Image-backed grounding data
#####

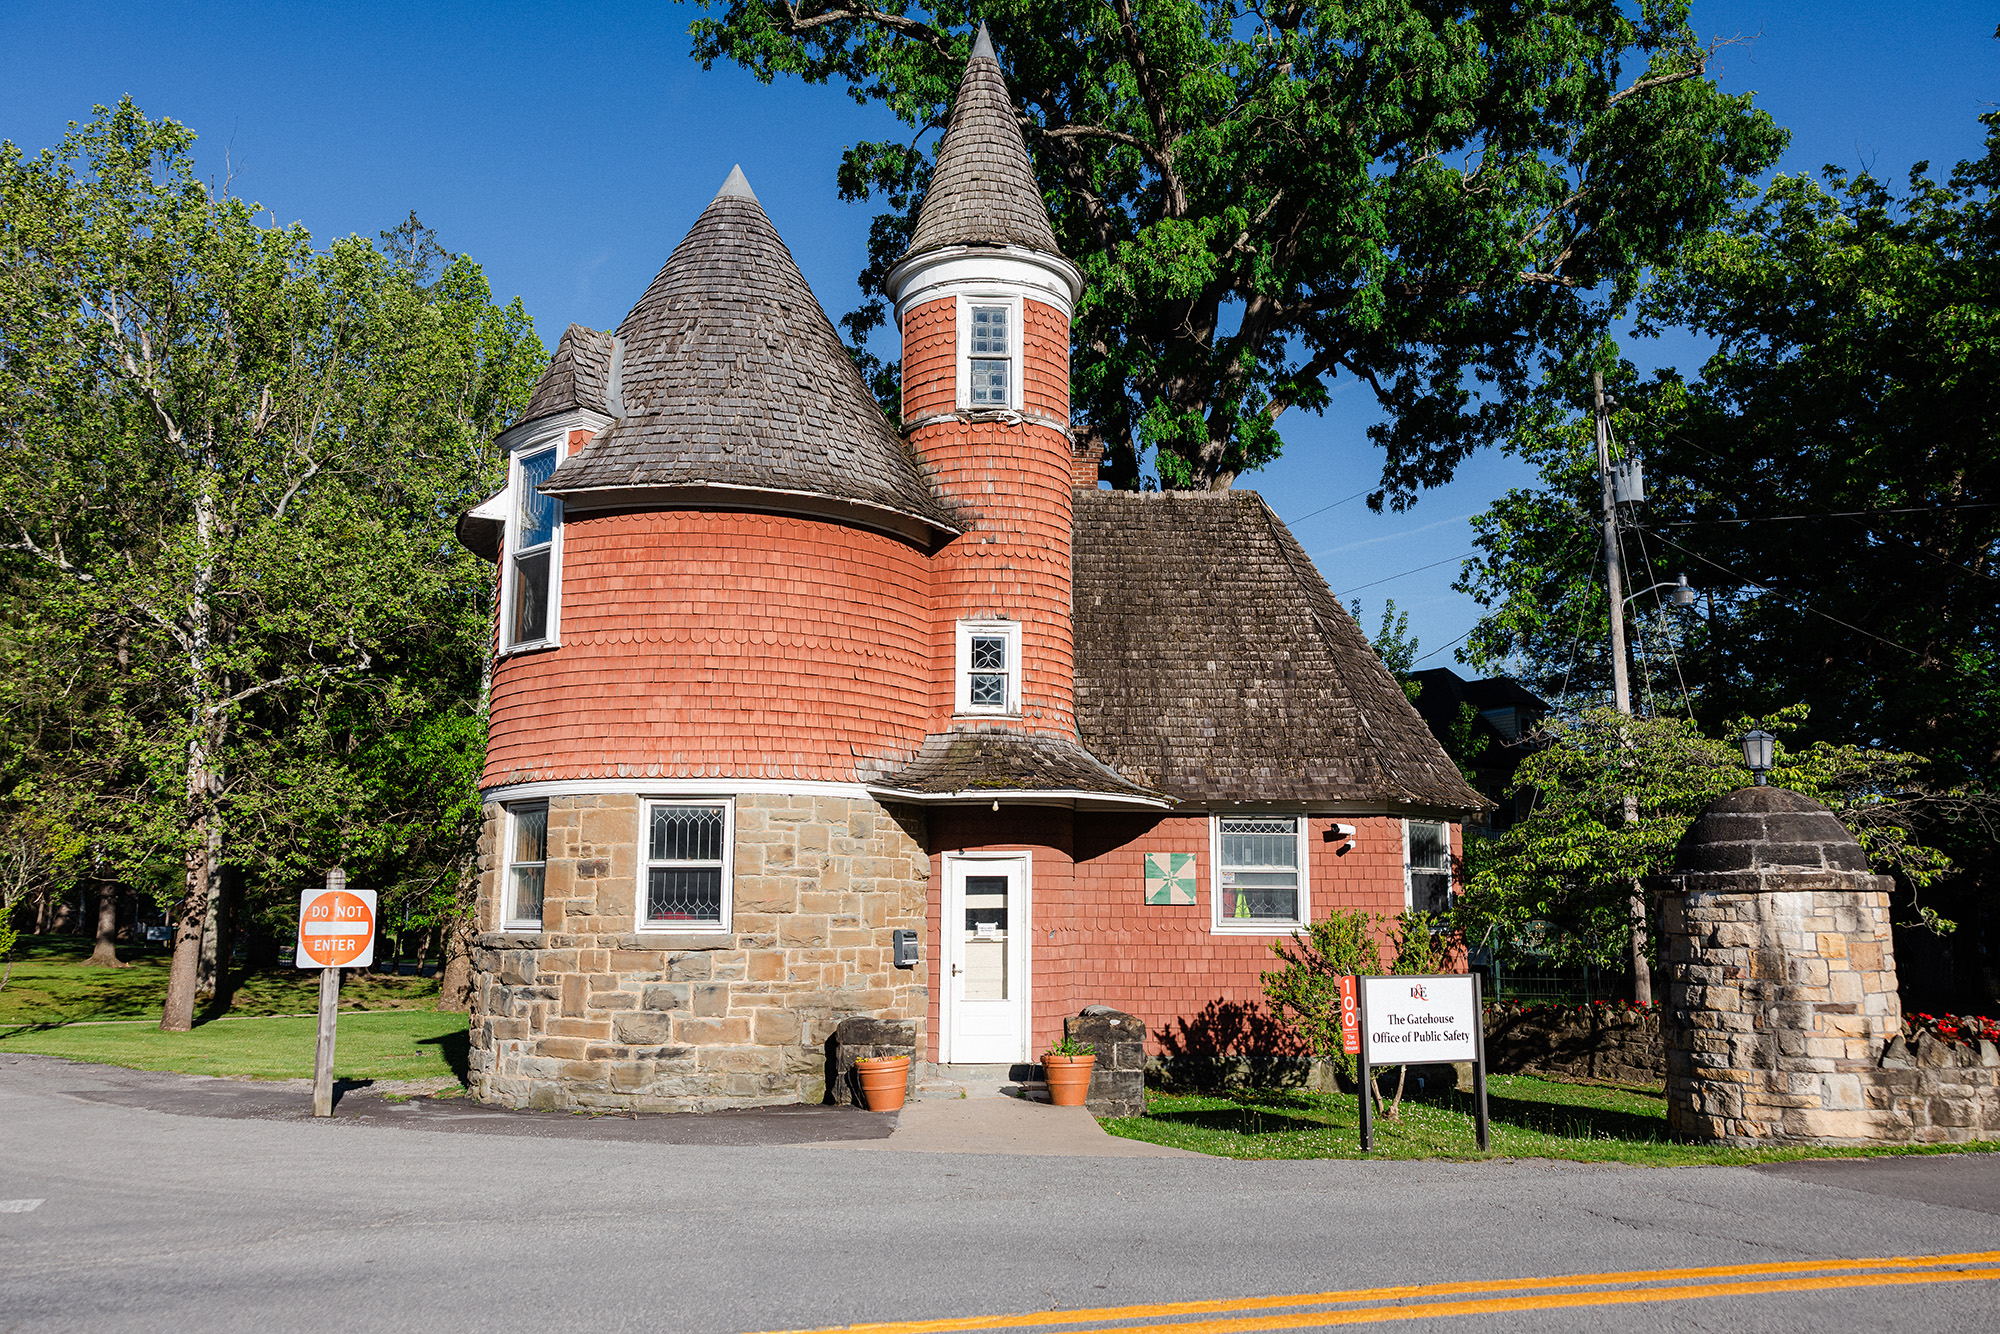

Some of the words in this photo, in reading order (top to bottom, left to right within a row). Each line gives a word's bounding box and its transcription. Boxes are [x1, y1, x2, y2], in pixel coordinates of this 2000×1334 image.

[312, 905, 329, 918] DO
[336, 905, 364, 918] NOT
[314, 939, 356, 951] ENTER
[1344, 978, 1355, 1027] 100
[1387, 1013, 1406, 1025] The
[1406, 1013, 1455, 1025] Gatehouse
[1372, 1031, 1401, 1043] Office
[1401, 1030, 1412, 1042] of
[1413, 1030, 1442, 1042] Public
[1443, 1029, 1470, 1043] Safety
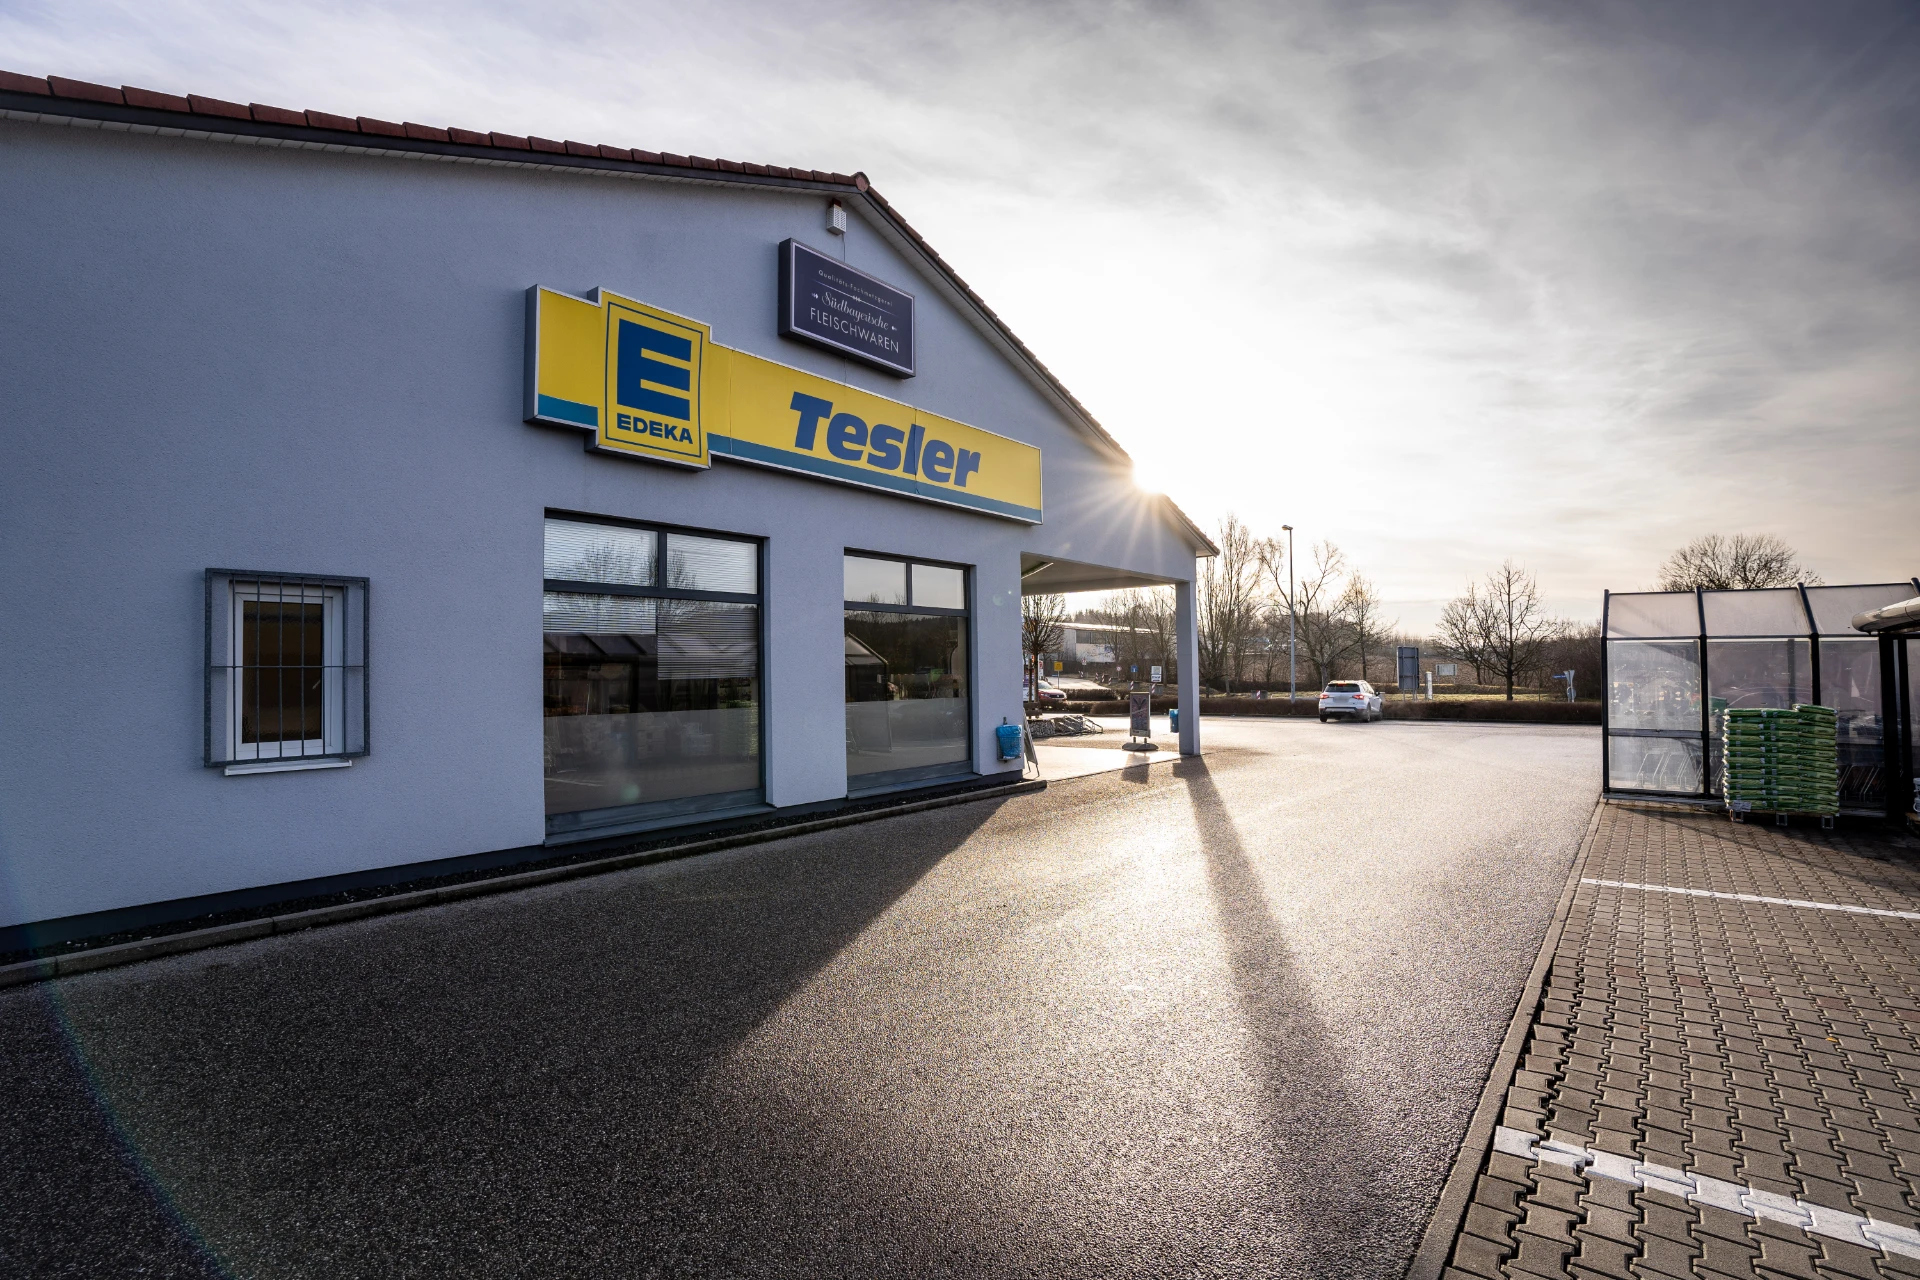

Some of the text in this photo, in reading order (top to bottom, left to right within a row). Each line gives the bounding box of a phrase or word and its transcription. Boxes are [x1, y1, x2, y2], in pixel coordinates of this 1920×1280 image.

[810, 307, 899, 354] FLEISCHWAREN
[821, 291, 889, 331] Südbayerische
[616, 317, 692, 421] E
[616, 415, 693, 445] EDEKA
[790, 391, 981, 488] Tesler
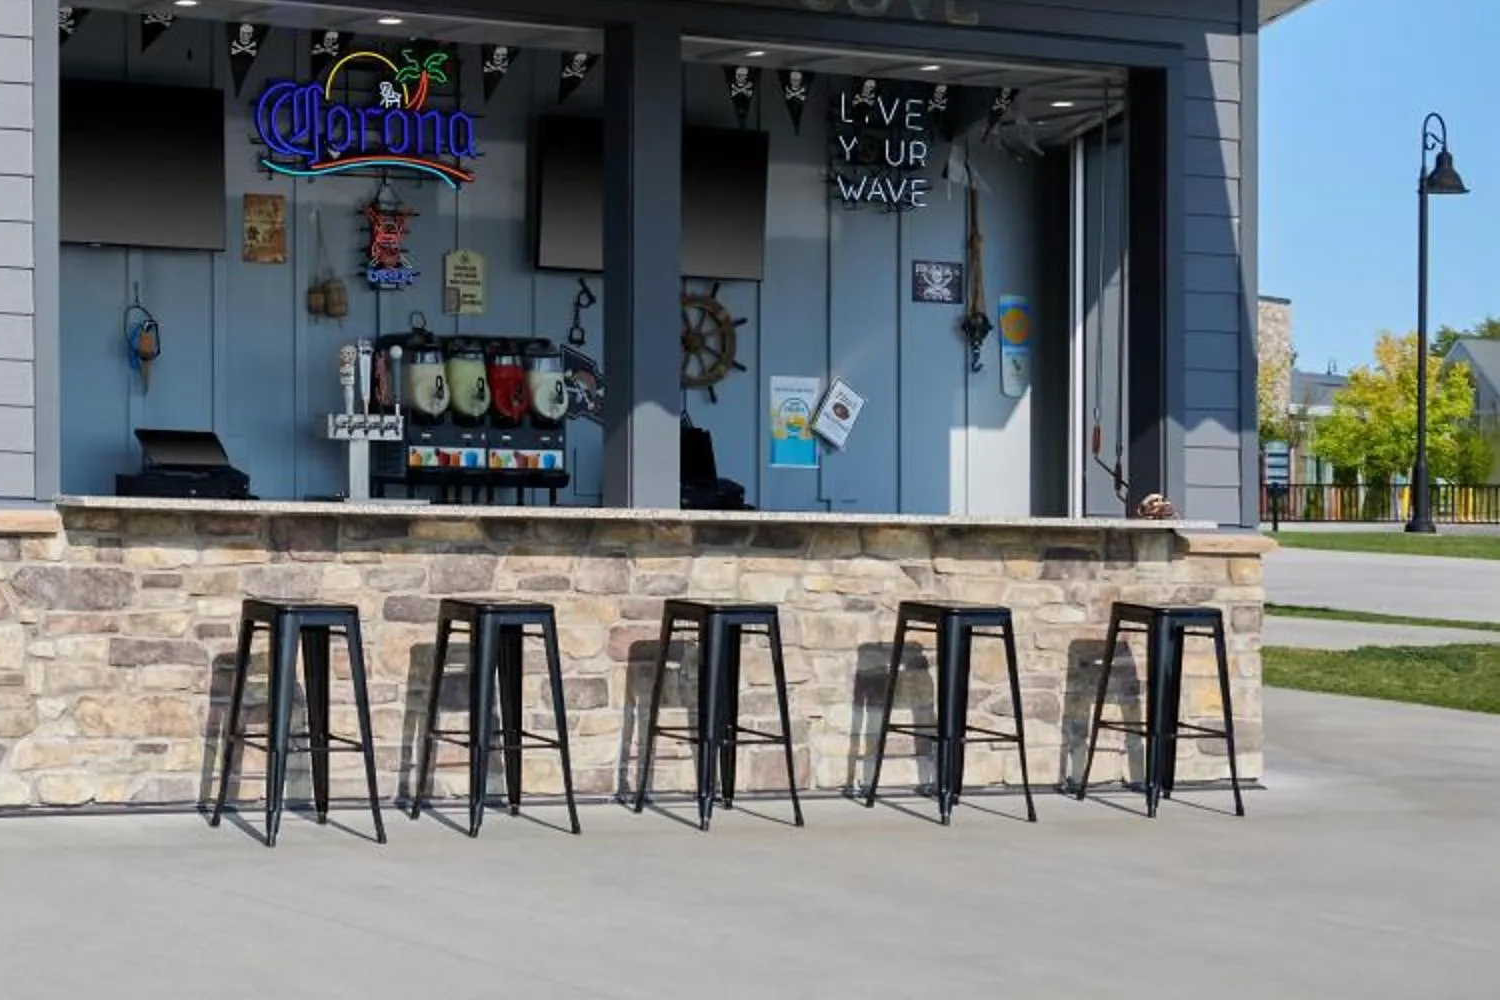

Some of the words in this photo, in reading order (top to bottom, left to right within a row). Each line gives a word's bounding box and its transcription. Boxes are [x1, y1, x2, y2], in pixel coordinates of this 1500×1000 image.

#####

* **WHAT YOU ARE ASKED TO DO**
Take the line with "Some of the text" and every line after it through the end of the data, and write only them out exactly, leaving out the pictures.

* **ANSWER BOX**
Some of the text in this photo, in reading order (top to bottom, left to right within a row). Each line gives the bounding box of a phrase or word and its transcription. Boxes are [x1, y1, x2, y2], in pixel coordinates of this 1920×1280 image.

[810, 307, 899, 354] FLEISCHWAREN
[821, 291, 889, 331] Südbayerische
[616, 317, 692, 421] E
[616, 415, 693, 445] EDEKA
[790, 391, 981, 488] Tesler

Some of the words in this photo, in reading order (top to bottom, left to right within a row). Each line gives a word's bounding box and its transcription. Boxes are [x1, y1, x2, y2], in pixel coordinates of this 1500×1000 image.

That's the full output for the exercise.